He moved away to turn on the skull lamp in the hallway, instead, its glow barely bright enough to allow them to see - and dim enough to never reach the shutters.

"Better?" Lockwood asked her, concerned, and Lucy shot him a grateful look.

"Yeah. Thanks."

"Anytime, Luce."

"Sorry," she tried to explain herself. "It's just that, just for now, I really don't want to be-"

"I know," Lockwood said, eyes locked onto the window now, too, and Lucy supposed she didn't need to explain to someone who'd lived through it alongside her.

More than her, actually. She didn't even remember Ilwich.

Lockwood walked into the room ahead of her, but instead of letting himself sink into one of the armchairs, he sat himself on the ground right in front of the furthest one.

Lucy huffed out a strained laugh. "I don't think we need to go that far. No one will be able to see us from the outside even if we do sit on the actual furniture."

"I know, and you're welcome to actually take a chair," Lockwood said, grasping for words for a second, "but ever since I was a kid, I've found it comforting to just... sit on the floor sometimes," he admitted. "It's... different."

"It's a different perspective," Lucy provided. She didn't take the chair that Lockwood had offered. Instead, she sat herself down on the floor right next to him.

He kept his eyes on her as she did so, smiling softly when her leg grazed his as she shifted to pick up her cup again. "Yeah. I guess so. It's oddly grounding."

"Well, we are sitting on the ground," Lucy quipped, and Lockwood let his head fall back against the seat cushion as he laughed.

"You know that's not what I mean."

"I do know," she assured him. "I did the same thing back home. And I suppose I must've done it here, too. Just laying down on the floor sometimes, stretching my arm up in the air, seeing what I can reach. It feels good, to be disconnected like that. Reflective."

"Yeah, that," Lockwood muttered, turning his head to look at her, suddenly sombre. "We should've done this more often. Sitting together in the library."

Lucy smiled. "On the ground and in the dark?"

His smile was a mirror of hers. "On the ground and in the dark."

"You know I can't really comment on that, but... why didn't we?"

"It was my fault, really. I pushed you away sometimes, when you got too close."

"Like you did up until this morning?"

"Something like that," Lockwood tried to play it off, and now it was on Lucy to turn her head to look at him.

"Why did you?" she asked. "I mean, you told me why you did it this past week, but why did you do it back then?" Then, trying to not let the hurt of the implication of it all show, "We were in love with each other, weren't we?"
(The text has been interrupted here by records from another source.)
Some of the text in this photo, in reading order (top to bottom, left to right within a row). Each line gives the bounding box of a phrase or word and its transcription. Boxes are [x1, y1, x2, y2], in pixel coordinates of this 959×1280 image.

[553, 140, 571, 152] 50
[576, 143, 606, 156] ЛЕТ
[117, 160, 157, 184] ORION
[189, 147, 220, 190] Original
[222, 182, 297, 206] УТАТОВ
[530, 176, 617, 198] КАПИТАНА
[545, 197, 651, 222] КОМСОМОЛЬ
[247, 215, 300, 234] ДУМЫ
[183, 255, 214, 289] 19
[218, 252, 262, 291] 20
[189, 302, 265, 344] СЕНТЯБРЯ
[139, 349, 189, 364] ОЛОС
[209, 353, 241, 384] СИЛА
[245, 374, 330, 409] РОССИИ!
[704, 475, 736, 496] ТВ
"That was kind of the issue," Lockwood replied. "I was in love with you, sure, but I thought you'd never feel the same way. I thought that if I let you get too close, I might never be able to move on. No matter the fact I was already damned back then, anyways," he admitted, huffing out a tired, weary laugh. "But I wasn't in a good place when we first met, either. For a long time, I thought death might be... thrilling. I thought I'd rather be... gone than alive."

It was a quiet confession, but it was startlingly loud in Lucy's ears anyway. It made her blink.
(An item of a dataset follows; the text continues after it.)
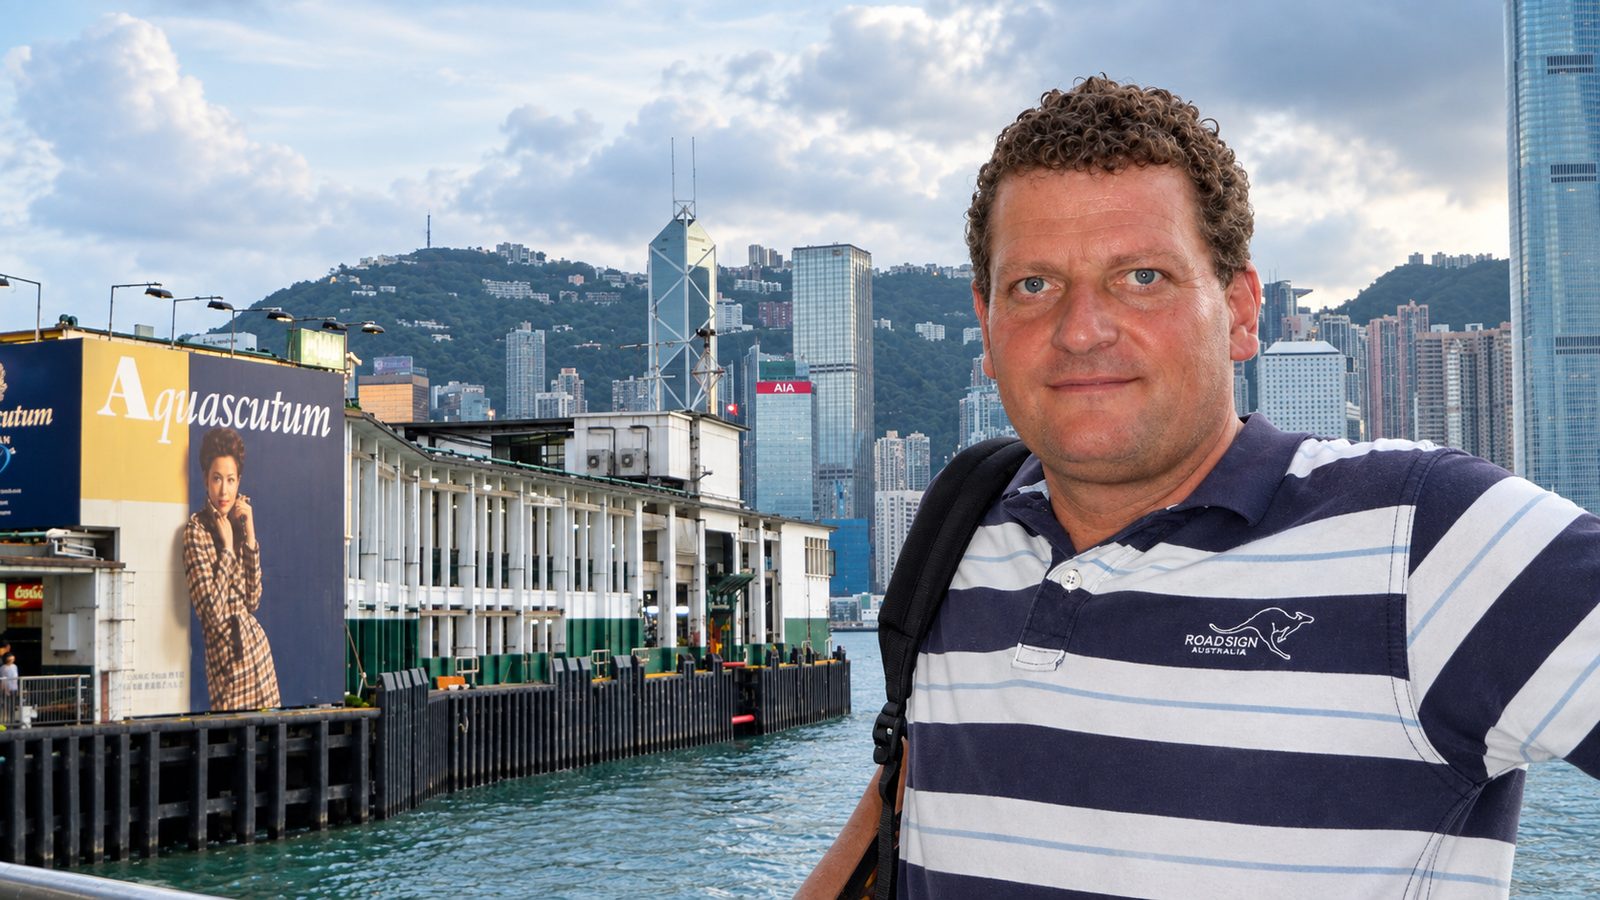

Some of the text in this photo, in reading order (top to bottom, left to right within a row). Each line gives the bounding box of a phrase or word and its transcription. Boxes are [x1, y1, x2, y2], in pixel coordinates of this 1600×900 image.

[774, 383, 795, 393] AIA
[96, 356, 331, 444] Aquascutum
[1184, 634, 1259, 648] ROADSIGN
[1191, 646, 1247, 656] AUSTRALIA
When she looked at his chest again, she saw the scissors buried in it once more. Saw his own fingers desperately grasping to pull them out.
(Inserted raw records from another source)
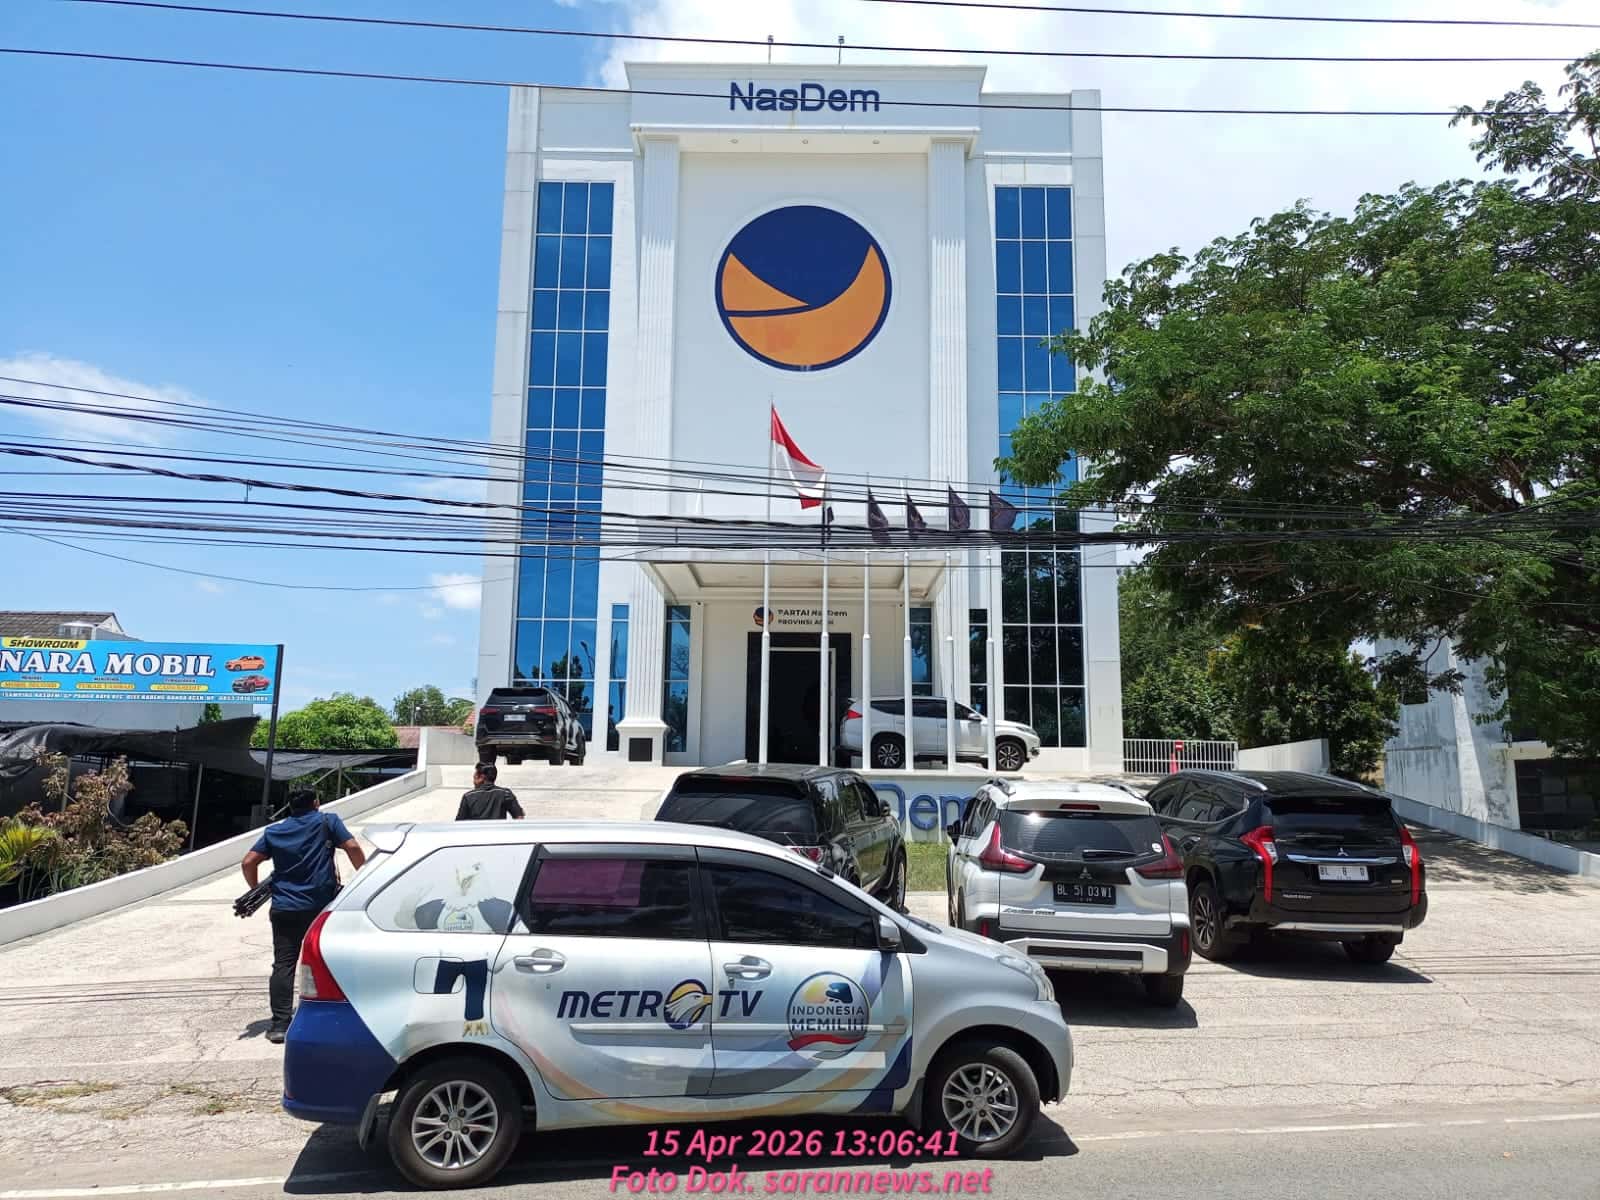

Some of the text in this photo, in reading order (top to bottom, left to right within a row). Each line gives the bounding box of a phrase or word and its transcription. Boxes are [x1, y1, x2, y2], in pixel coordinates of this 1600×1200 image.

[729, 81, 880, 113] NasDem
[777, 609, 809, 617] PARTAI
[9, 639, 79, 649] SHOWROOM
[0, 650, 216, 678] NARA MOBIL
[1057, 883, 1068, 896] BL
[719, 990, 763, 1017] TV
[791, 1005, 865, 1017] INDONESIA
[791, 1018, 865, 1032] MEMILIH
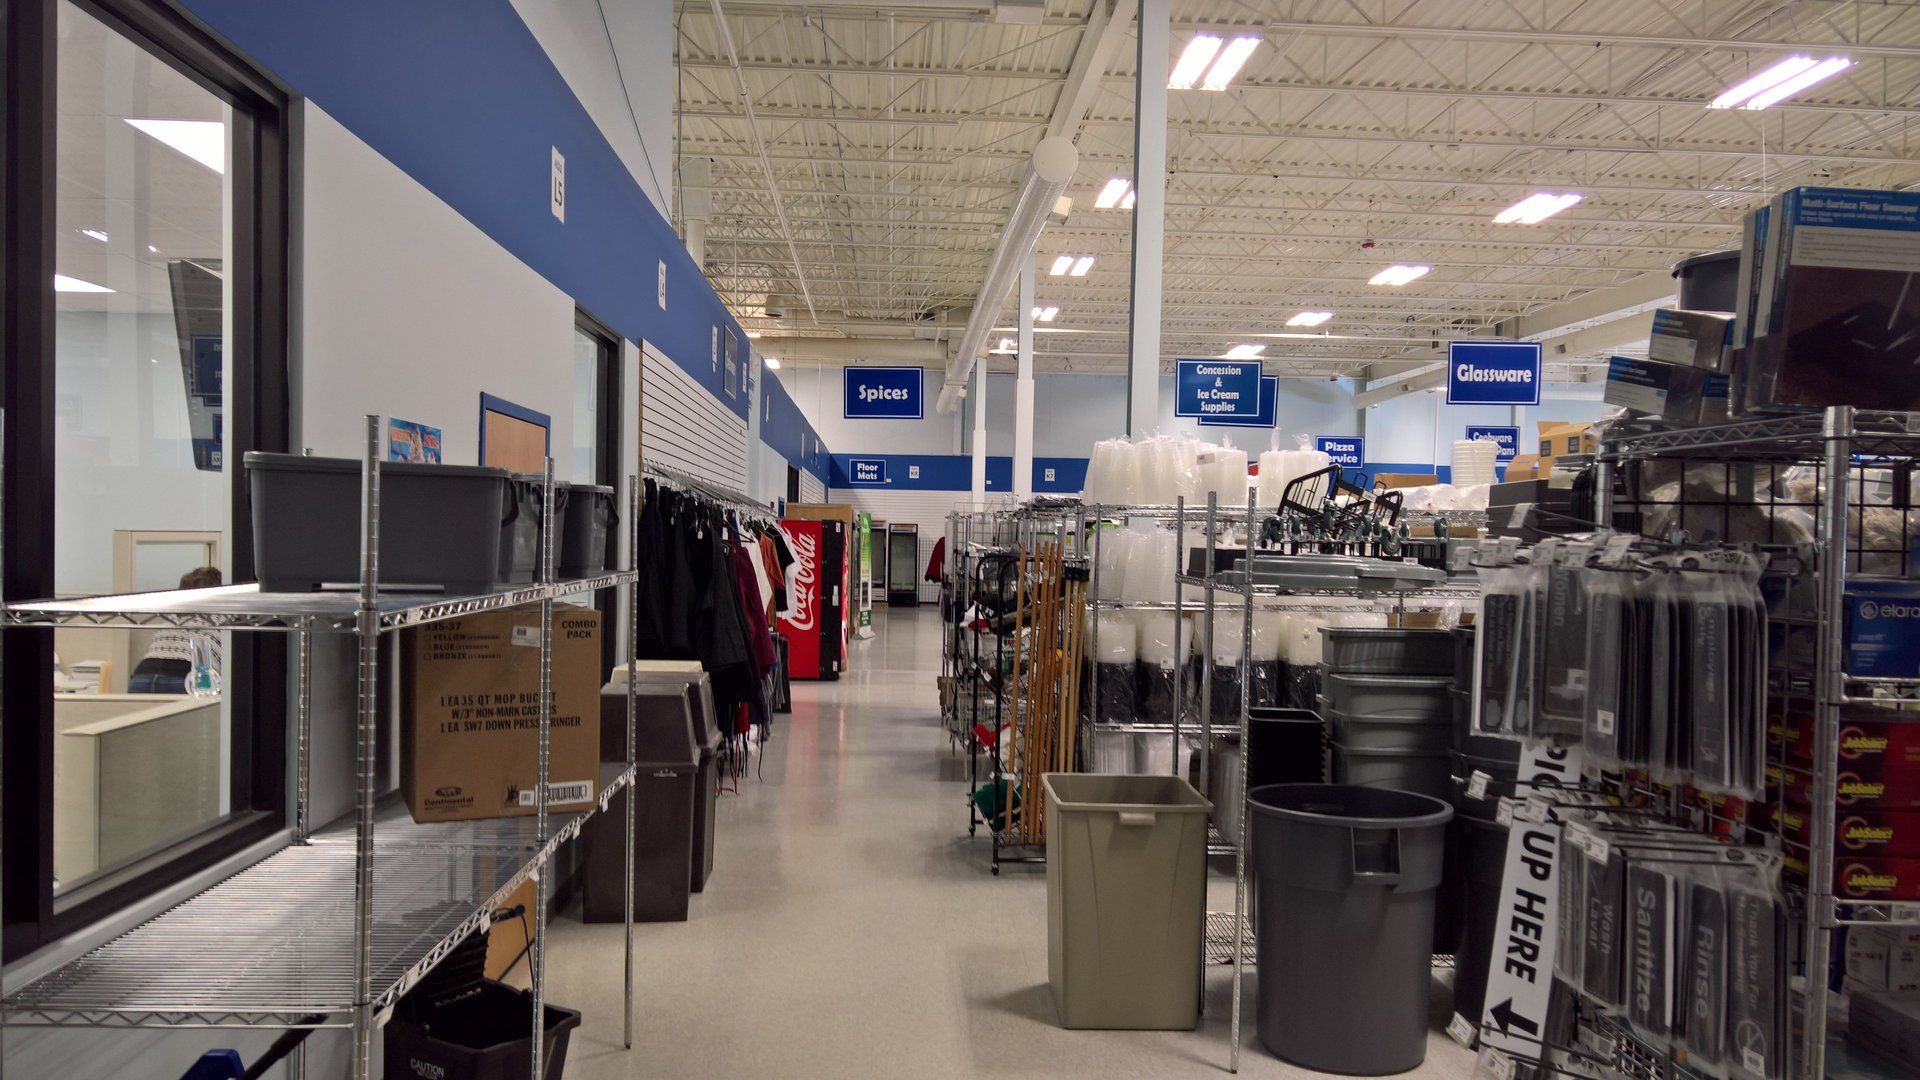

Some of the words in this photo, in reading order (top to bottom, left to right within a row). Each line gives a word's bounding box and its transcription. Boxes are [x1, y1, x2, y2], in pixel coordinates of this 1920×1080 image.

[554, 176, 563, 207] L5
[1196, 364, 1242, 375] Concession
[1456, 363, 1533, 382] Glassware
[1214, 377, 1223, 387] &
[858, 384, 908, 402] Spices
[1197, 389, 1210, 399] Ice
[1211, 389, 1240, 400] Cream
[1200, 401, 1235, 413] Supplies
[1324, 441, 1355, 452] Pizza
[1328, 453, 1358, 463] ervice
[857, 463, 878, 471] Floor
[857, 472, 878, 480] Mats
[1880, 604, 1920, 618] elara
[561, 619, 597, 630] COMBO
[433, 633, 467, 641] YELLOW
[566, 629, 592, 639] PACK
[433, 643, 455, 651] BLUE
[447, 696, 459, 707] EA
[461, 695, 474, 706] 35
[477, 695, 490, 706] QT
[494, 693, 515, 705] MOP
[519, 692, 556, 703] BUCT
[476, 706, 520, 718] NON-MARK
[447, 722, 459, 733] EA
[464, 720, 483, 732] SW7
[485, 719, 512, 730] DOWN
[513, 718, 541, 730] PRESS
[550, 716, 581, 728] RINGER
[424, 796, 474, 807] Continental
[1520, 830, 1555, 881] UP
[1601, 904, 1614, 954] Wash
[1750, 902, 1760, 946] Thank
[1505, 888, 1547, 985] HERE
[1636, 887, 1656, 1012] Sanitize
[1696, 925, 1714, 1019] Rinse
[1749, 954, 1760, 980] You
[1750, 986, 1760, 1009] For
[410, 1058, 445, 1078] CAUTION
She thought of her own voice tape, of her own words she'd listened to only hours ago.

'I think he might want to die,' her voice had said. 'I'm in love with someone who not only doesn't love me back, but never even could. Not when he's in love with death already.'

"Do you still feel that way?" she asked, trying not to sound as choked up as she felt.

"No," he replied instantly. "I haven't felt that way in a long time."

"That's good," she said, letting her leg press into his more firmly. "I hope you never feel that way again."

"If I did, I know that I could talk to you and George."

"Yeah. You always can. We'll always listen."

"Speaking about talking," he said, diverting the topic, nursing his cup of tea instead, "you're still worried about that nightmare you had, aren't you? It's why you don't want to go to sleep."

It wasn't a question, and she supposed he could read her so clearly it didn't need to be.

"Yeah," she still replied, water running down her throat again.

Normally, she wouldn't have told him about the extent of it. She would've made him believe that she was alright. That she wasn't someone who could be so deeply rattled from a mere dream, even if she'd been a bit more active than usual during it.

But something about the dark made her honest. Same as him, she supposed. Something about it made it feel all too contained, as if what she said now would leave no dent in their world. As if there would be no bite marks left behind from words she was scared to release from their cages.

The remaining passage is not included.